先週、イランとアメリカの停戦合意に関する報道が流れたことで、原油価格は下落し、株価も上昇。市場全体としては「最悪のシナリオは回避された」という安心感が広がっていました。
ところが昨晩から今朝にかけて、今度は「イスラエルは依然としてレバノンへの攻撃を続けている」「それなら海峡封鎖も辞さない」といった強硬な発言が飛び交い、再び世界中の投資家を不安にさせています。
停戦するのか、対立を続けるのか。
正直なところ、「いったいどっちなんだよ」と言いたくなるような状況です。
本格的な停戦条件や今後の安全保障体制については、これから各国が協議を進めていく段階。つまり、現時点では「停戦」という言葉だけが先行していて、中身はまだ何も決まっていない状態とも言えます。
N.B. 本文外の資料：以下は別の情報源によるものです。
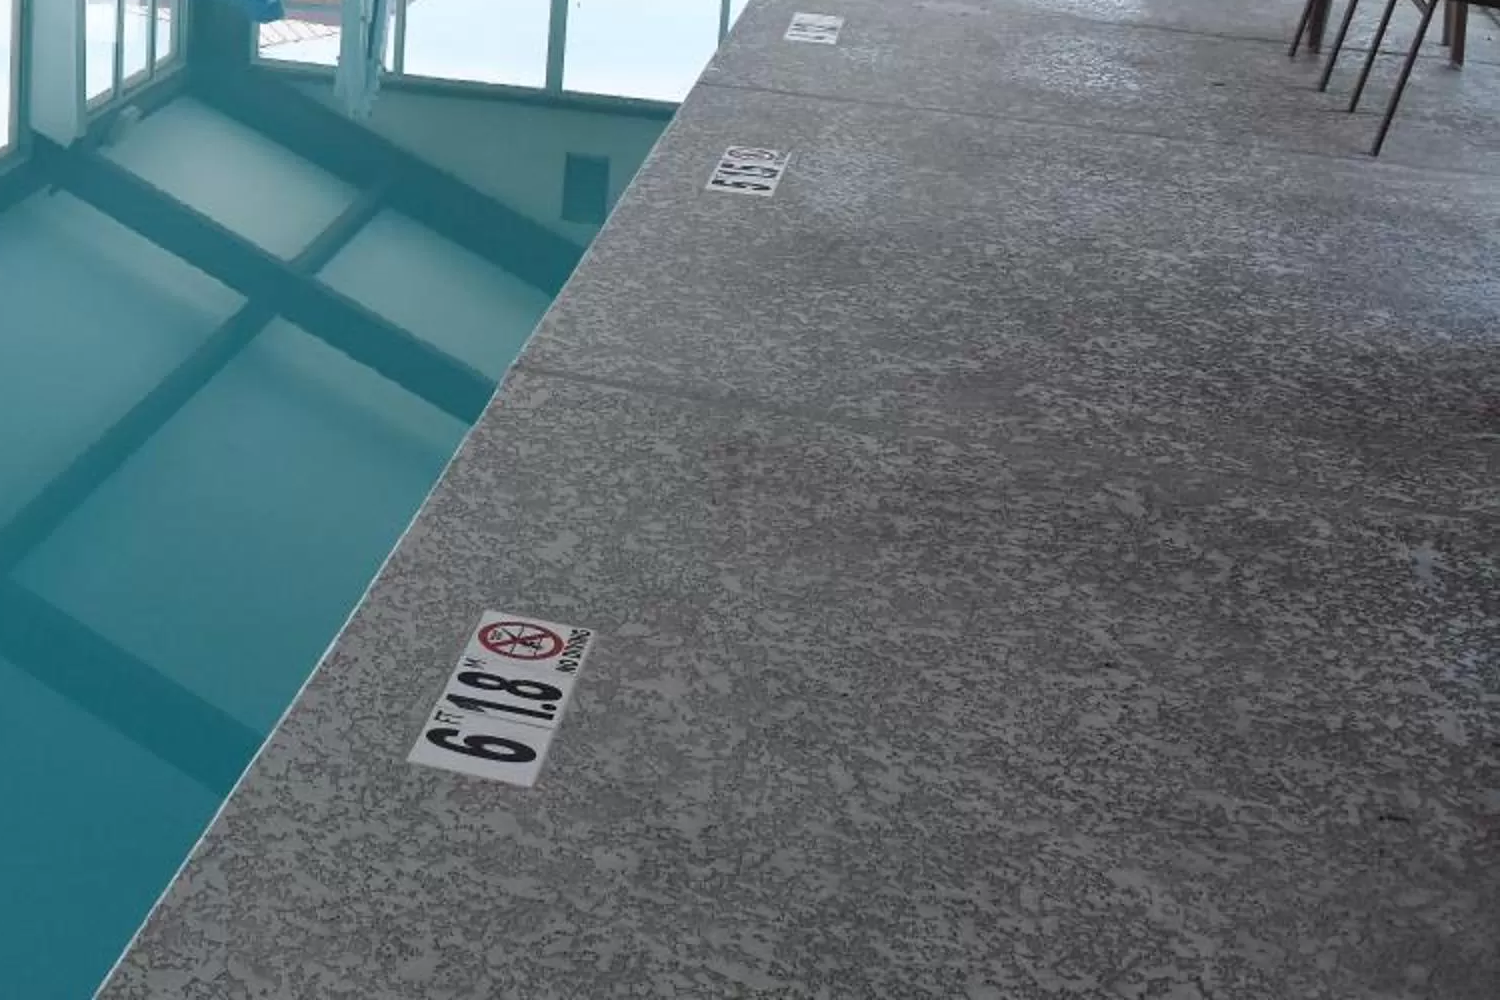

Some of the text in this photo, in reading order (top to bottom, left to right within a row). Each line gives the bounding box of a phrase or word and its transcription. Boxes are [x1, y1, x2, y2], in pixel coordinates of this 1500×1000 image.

[446, 671, 562, 720] 1.8
[434, 710, 464, 724] FT
[426, 728, 536, 762] 6
そう考えると、明日以降も原油、株式、為替市場は神経質な値動きが続きそうです。
特に気になるのが、世界の物流を支える重要な航路であるホルムズ海峡です。
もし本当に封鎖という事態になれば、中東産原油の輸送に大きな影響が出ることは避けられません。
ただでさえ現在は、ナフサ不足を背景とした化学製品や建材関連の供給不安が続いています。
私たち内装仕上げ業界でも、ここ数カ月は床糊やクロス糊をはじめ、さまざまな材料の供給不足に振り回されてきました。
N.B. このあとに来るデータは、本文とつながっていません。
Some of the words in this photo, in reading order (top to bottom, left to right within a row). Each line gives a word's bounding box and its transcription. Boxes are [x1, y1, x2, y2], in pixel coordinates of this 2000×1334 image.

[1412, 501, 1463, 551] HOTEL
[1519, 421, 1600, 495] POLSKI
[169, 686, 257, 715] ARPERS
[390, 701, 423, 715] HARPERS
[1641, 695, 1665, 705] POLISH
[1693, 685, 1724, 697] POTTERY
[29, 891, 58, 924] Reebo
最近になってようやく状況は改善傾向にあり、「必要なものは事前発注すれば何とか確保できる」という段階まで戻ってきたところです。
それだけに、ここで再び中東情勢が悪化し、原油価格が高騰するような展開になれば、せっかく回復しかけた供給体制に水を差しかねません。
物は入らないのに価格だけは上がり続ける。
現場で仕事をしている側からすると、これほど困る状況はありません。
為替市場への影響も気になります。
一般的に原油価格が上昇すると、資源国通貨やドルが買われやすくなる傾向があります。
すでにドル円は161円台という歴史的な円安水準。
円安がさらに進めば、日本政府・日銀による為替介入への警戒感も一段と強まります。
そうなると、投機筋にとっても非常に難しい相場です。
円安基調だからといって素直にドルを買うには介入リスクが怖い。
かといって円を買うにはトレンドが強すぎる。
まさに「売りも買いも手が出せねぇ」という状況です。
明日の朝は、為替、株価、原油価格がどのような反応を示しているのか、しっかり確認しながら一日をスタートしたいと思います。
幸い、最近はワールドカップのおかげで4時起き生活がすっかり定着しました。
おそらく明日も早起きして、ベルギー対イランの試合を観戦しているはずです。
イラン情勢が気になるタイミングだからこそ、ピッチ上でイラン代表がどのような戦いを見せるのかにも自然と注目してしまいます。
世界情勢とスポーツは本来切り離して考えるべきものかもしれません。
それでも、選手たちが背負うものや国民の思いを考えると、普段とは少し違った見え方をしてしまいます。
結局のところ、明日も朝活確定。
ワールドカップを楽しみながら、世界経済の行方もしっかり見極めていきたいと思います。